One of the many projects she’s working on with the Tribal government of the Navajo Nation is to secure funding to convert a mine building that they no longer occupy into a community resilience hub. The goal is to provide a convening space to provide resources for education, health, and business.
“Currently, some services are a 50 to 100 mile round trip, and converting this building to a community center would allow for a space to provide educational, environmental, health, and wellness services to the community,” Dr. Chief said.
Creating opportunities for the Indigenous environmental leaders of tomorrow
Much of the rest of Dr. Chief’s time has been dedicated to working with other faculty and staff at the University of Arizona to provide students with the tools they need to move environmental justice work forward.
Dr. Chief aims to bring relevant water science to Native American communities in a culturally sensitive manner. She co-founded the Indigenous Resilience Center, a unique center created three years ago to support Tribal environmental resilience. As director, Dr. Chief endeavors to open the door for the efforts of the University of Arizona climate/environment researchers, faculty, staff, and students who are working with Native Nations to build resilience to climate impacts and environmental challenges.

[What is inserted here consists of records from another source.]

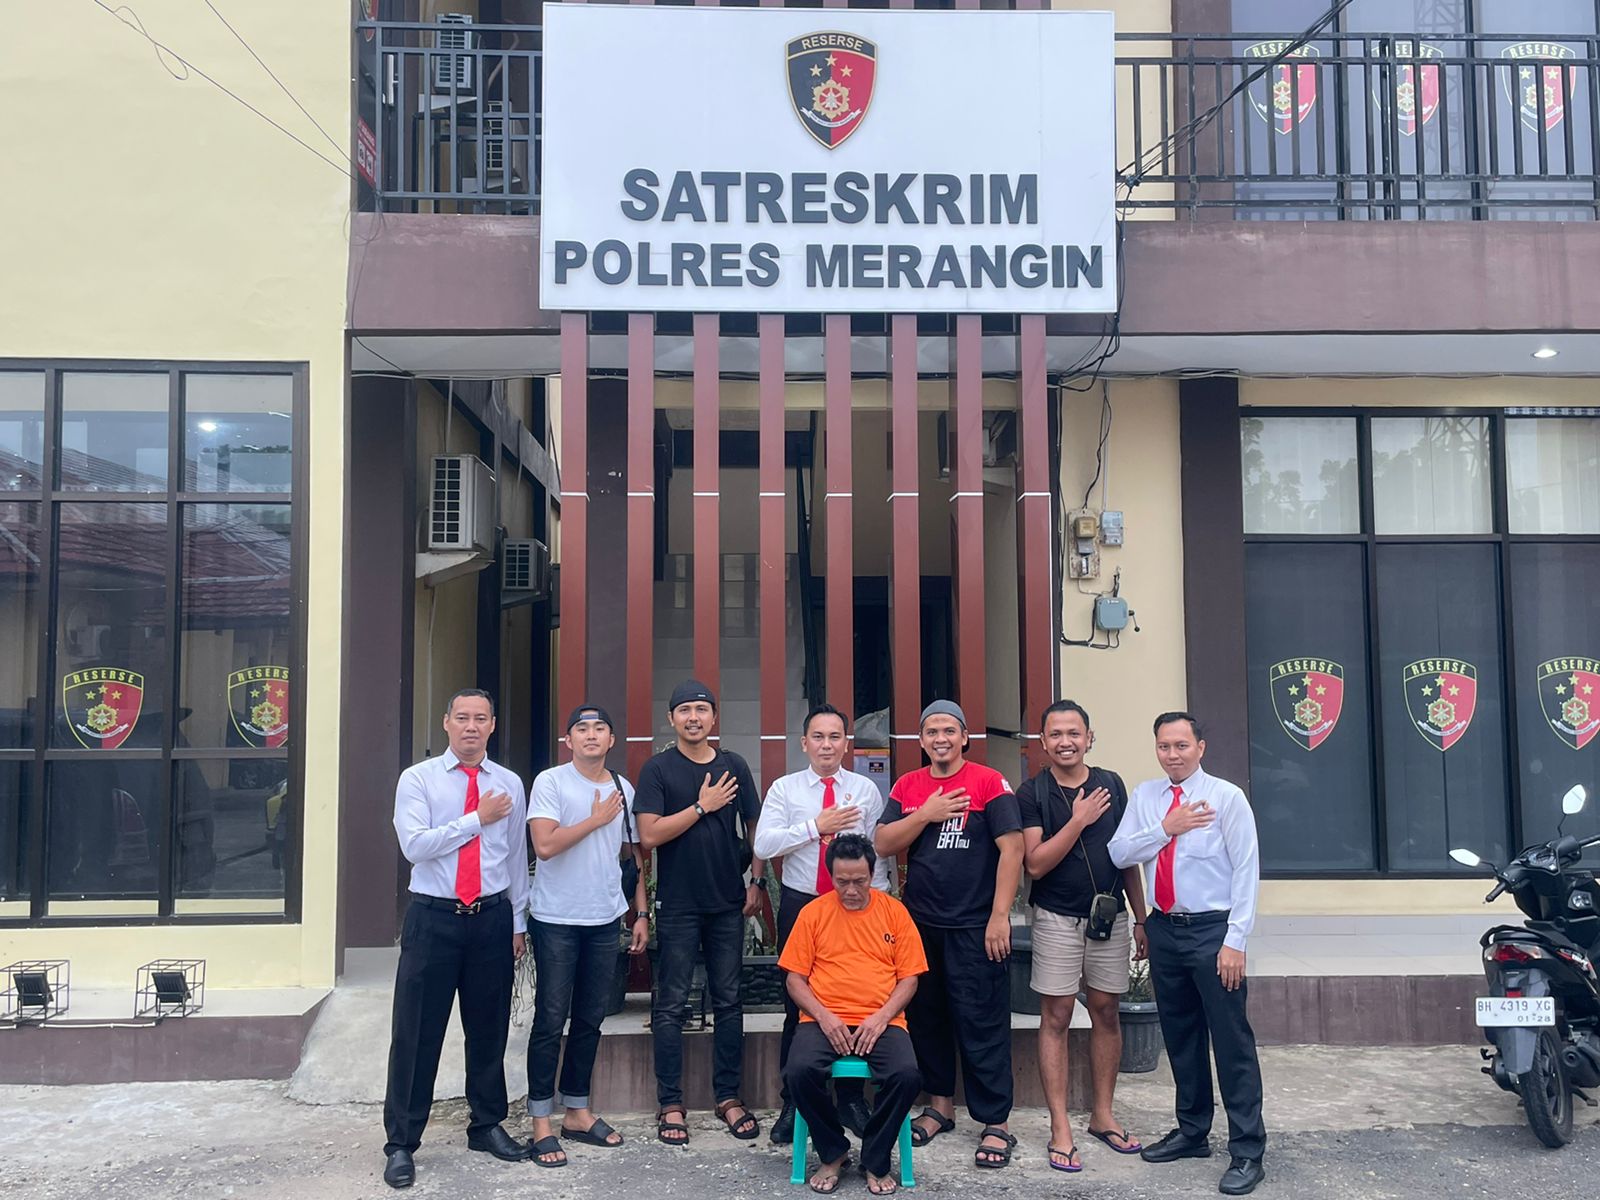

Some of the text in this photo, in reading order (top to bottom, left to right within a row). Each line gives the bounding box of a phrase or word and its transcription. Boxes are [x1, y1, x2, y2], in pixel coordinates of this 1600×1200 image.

[801, 35, 864, 51] RESERSE
[1251, 43, 1310, 57] RESESE
[1509, 44, 1566, 58] RESERSE
[620, 168, 1039, 225] SATRESKRIM
[554, 239, 1104, 289] POLRES MERANGIN
[1278, 660, 1334, 675] RESERSE
[1412, 660, 1467, 675] RESERSE
[1544, 659, 1600, 674] RESERSE
[72, 670, 135, 684] RESERSE
[1478, 1000, 1551, 1012] BH 4319 XG

The work done at the Indigenous Research Center focuses on community building, research, and teaching. The mission is to center Indigenous ways of knowing into co-designed environmental solutions and training the next generation of community leaders.
Faculty and staff partner and collaborate with Tribes as well as teach science, technology, engineering, and mathematics (STEM) courses that are specifically geared toward community-driven Tribal research, natural resources management, traditional agriculture, Indigenous data sovereignty, and Tribal environmental health, among others.

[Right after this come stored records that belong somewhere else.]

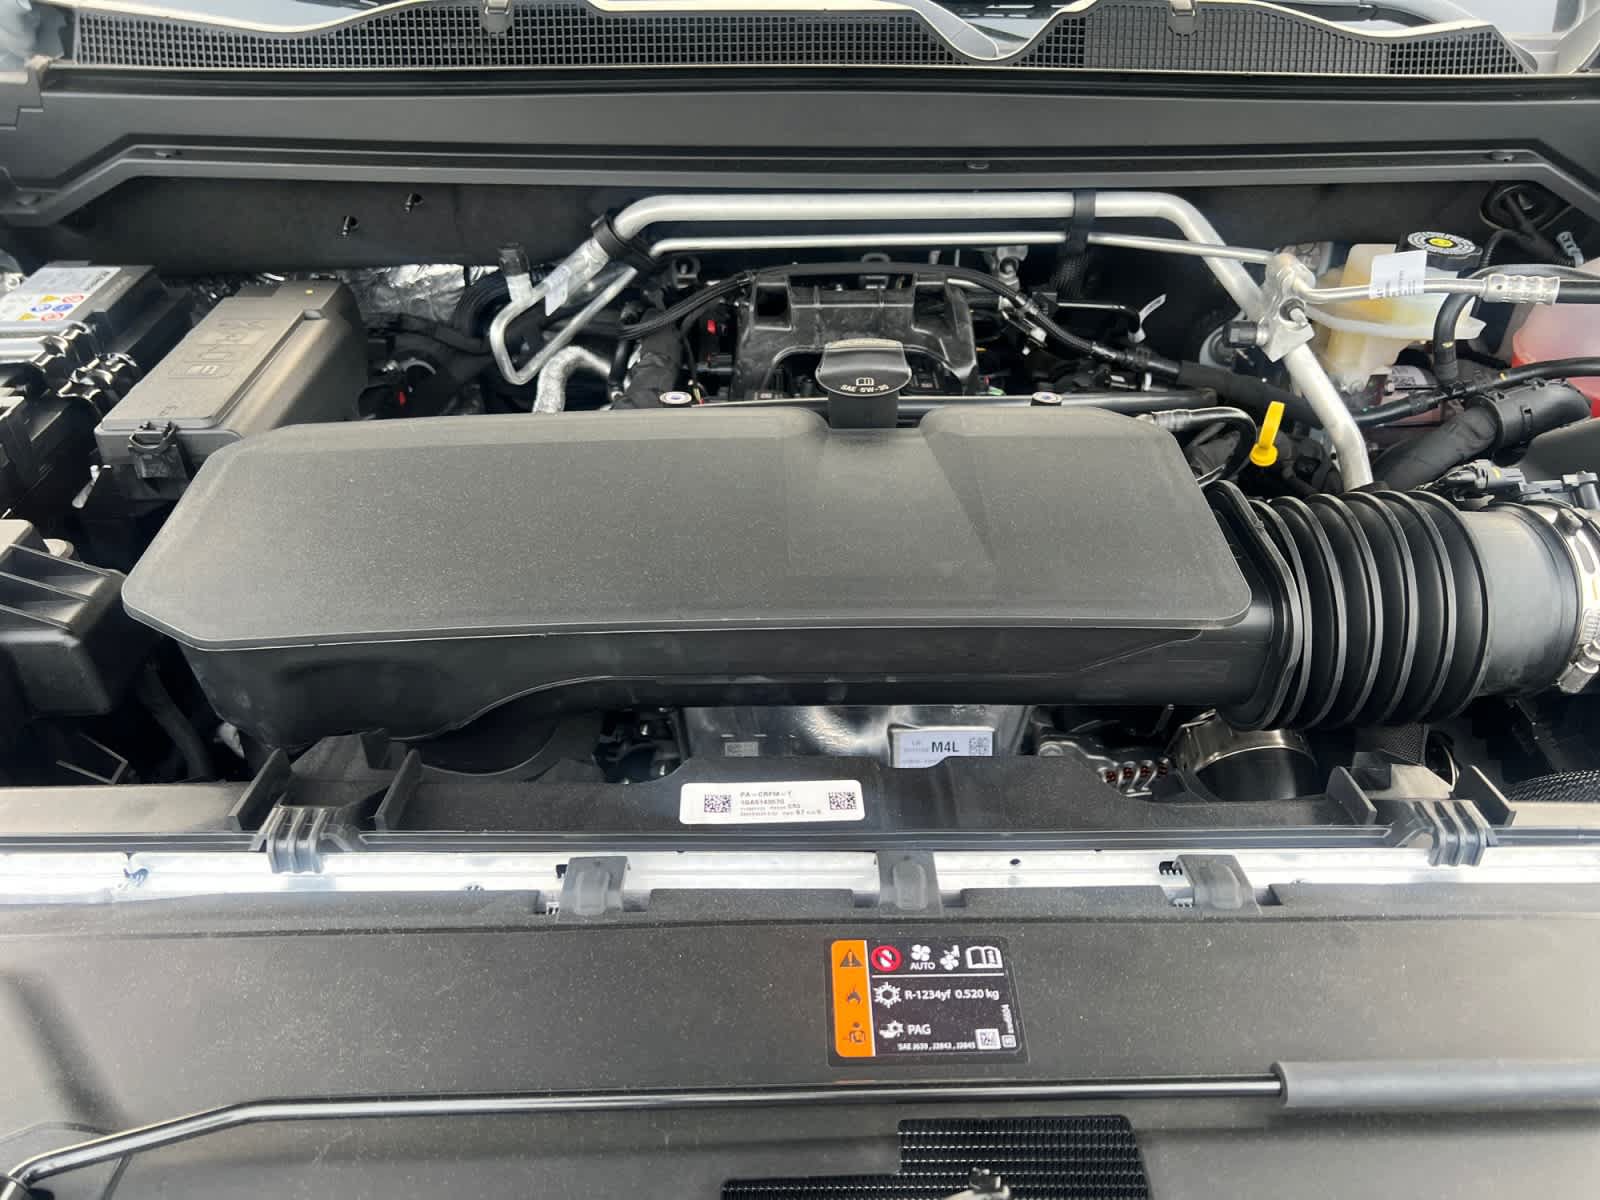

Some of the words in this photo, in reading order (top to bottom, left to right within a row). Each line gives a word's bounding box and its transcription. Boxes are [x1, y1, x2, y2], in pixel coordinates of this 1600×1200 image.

[840, 384, 857, 393] SAE
[931, 741, 960, 753] M4L
[910, 962, 936, 971] AUTO
[904, 989, 951, 1001] R-1234yf
[955, 989, 985, 999] 0.520
[986, 988, 999, 1000] kg
[908, 1024, 931, 1035] PAG

Research is focused on resilience in Indigenous communities, including sustainable solutions, renewable technologies, solar energy, water treatment, horticulture and small-scale farming, food sovereignty, regenerative agriculture, drought resilience, Native plant restoration, ecological restoration, and more.
“The Indigenous Resilience Center is the University of Arizona’s commitment to giving back to local Tribes who have stewarded this land for millennia,” said Dr. Chief. “We’re faculty that work with communities in the state of Arizona to improve the environment, change behavior, and increase the economy of the state. Our mission is to connect science with community.”
All of this work is framed according to their values and the four Rs: relationship, reciprocity, respect, and responsibility. Faculty, staff, and students center their values in their work with Tribal communities and want to sponsor a relationship that builds trust.
“Our vision is Indigenous communities leading the problem of solving environmental challenges that they see,” said Dr. Chief. “We want to support Indigenous communities in addressing those challenges as well as supporting the new generation of environmental leaders.”
Dr. Chief feels there are many opportunities for Native leadership through different pathways in the academic world like studying environmental science, policy, law, as well as working on the ground as environmental justice activists collaborating with communities firsthand.
“In academia, it’s challenging to find support for that kind of work, so we have to identify programs and universities that have communities and projects that are supporting environmental justice work in Tribal communities,” she said.
For that reason, among others, Dr. Chief is grateful for receiving the Environmental Leader Award, as it has helped move this work forward. She’s also enthusiastic about the projects others are doing in environmental justice work.
“It’s very inspiring to hear and learn from other awardees,” she said. “Seeing the impact of the award in other communities is very uplifting and it’s an honor to be part of that cohort.”